SINGAPORE: Having regular fare increases is one way to ensure the financial sustainability of the new bus contracting model, Transport Minister Lui Tuck Yew told Parliament on Monday (July 7).
Mr Lui said there are also other ways to do so, including regular assessment of the viability of new bus routes as well as the cost of maintaining service standards.
Under the new bus contracting model, bus routes will be planned centrally by the Government, and bus operators will have to bid for these routes. The Government also owns all bus operating assets and pays operators a fee to deliver bus services.

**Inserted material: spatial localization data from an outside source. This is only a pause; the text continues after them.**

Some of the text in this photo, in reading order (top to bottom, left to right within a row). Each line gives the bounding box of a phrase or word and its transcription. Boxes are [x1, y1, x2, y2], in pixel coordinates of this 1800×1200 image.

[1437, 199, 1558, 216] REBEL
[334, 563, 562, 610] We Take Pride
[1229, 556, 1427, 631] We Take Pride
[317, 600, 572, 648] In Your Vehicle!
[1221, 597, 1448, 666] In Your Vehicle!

Mr Lui said this helps to lower barriers to entry for new players interested to enter the industry.
"For each package, you may be looking at perhaps 400 to 500 buses. So for 400 buses, you may be talking at between S$150 million and S$200 million - quite a significant capital investment if it has to be invested by a new player,” said the Transport Minister.
“We certainly don't want to preclude the possibility of operators that are already in the local market running private buses quite efficiently who may be prepared to make a bid for one of these packages, provided we lower the barriers to entry."

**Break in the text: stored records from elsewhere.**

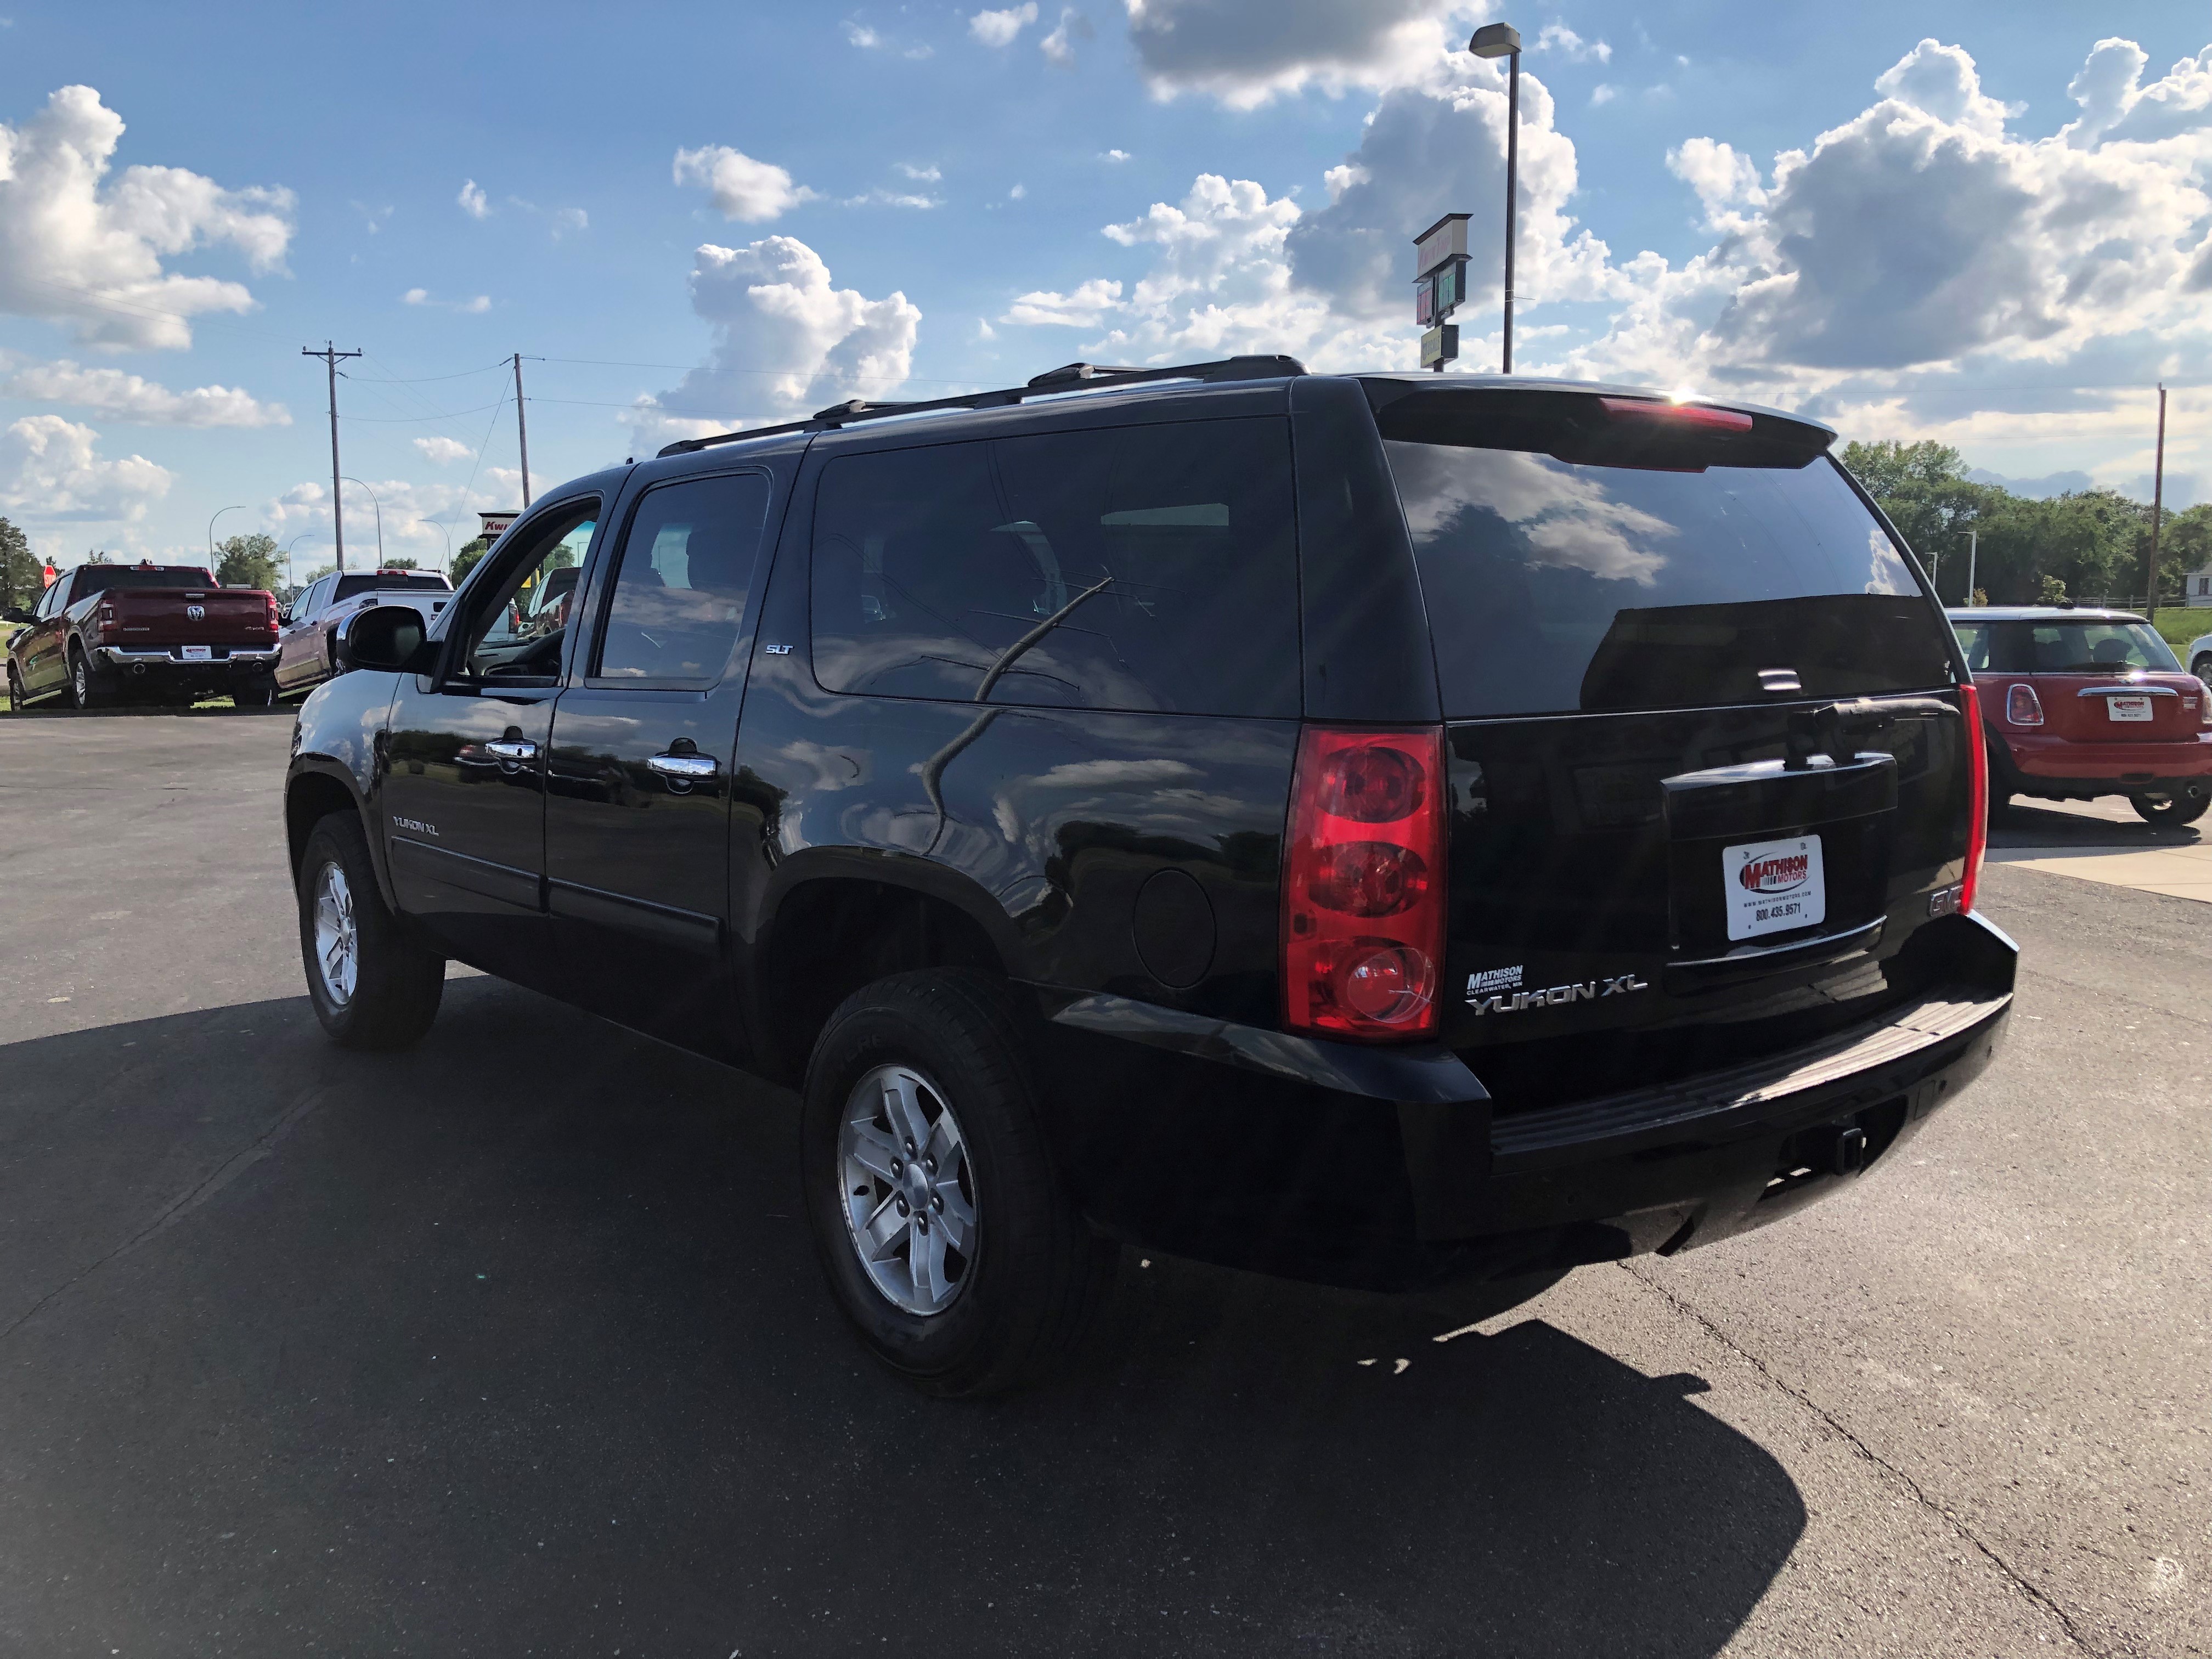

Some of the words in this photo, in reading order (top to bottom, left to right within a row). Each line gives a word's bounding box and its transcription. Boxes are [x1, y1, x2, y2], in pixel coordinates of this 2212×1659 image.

[765, 645, 793, 654] SLT
[393, 816, 425, 833] YUKON
[425, 823, 439, 836] XL
[1745, 854, 1808, 890] MATHISON
[1778, 870, 1807, 883] MOTORS
[1756, 902, 1801, 921] 800.435.9571
[1466, 964, 1523, 990] MATHISON
[1494, 974, 1522, 985] MOTORS
[1464, 981, 1596, 1016] YUKON
[1600, 974, 1649, 997] XL
[1466, 984, 1511, 996] CLEARWATER,

Mr Lui said this would also lead to genuine contestability in the bidding process while reducing uncertainty for operators. However, several MPs questioned how much this new model cost would the Government.
"I think it is probably not in the Government's interest to reveal any budget that we may have set aside and how much we are prepared to subsidise before the tenders are issued and the returns are seen as this may well skew the bids against us," said the transport minister.
He added that it is not clear at this point which packages of bus routes would need subsidies and how much that would cost - something the Government is now studying based on the number of buses, frequency, service quality and revenue collected on certain packages of routes.
MP for Holland-Bukit Timah GRC Chris De Souza asked Mr Lui how he intends to keep this endeavour financially sustainable in the long term.
Mr Lui said this would be done in several ways:
- By assessing whether new bus routes have enough ridership to cover operating costs;
- By weighing the cost of providing better service standards against increasing operating costs;
- By having regular fare increases
"From the middle of the last decade, I think we had actually allowed operating costs to well exceed the fare increases that were taking place each year. So for example, from 2005 until 2012, when we had the fare review committee's work and we suspended any fare increases thereon - 2005 to 2012, the annual fare increase was on average, 0.3 per cent,” said Mr Lui.
“We know, of course, that wage increases were much higher than this 0.3 per cent. Likewise, fuel cost. So there will be a need for us to make sure that we have regular fare increases of the right quantum.”
“We will continue to be guided over the next few years by the formula that has been established by the fare review committee led by Mr Richard Magnus, as well as the decision that the Public Transport Council will make with regard to each and every fare increase.”
However, Mr Lui said bus operators will need to compete on the basis of cost and service quality, and over time, this would lead to the provision of better bus services in a cost-competitive manner, which would benefit commuters.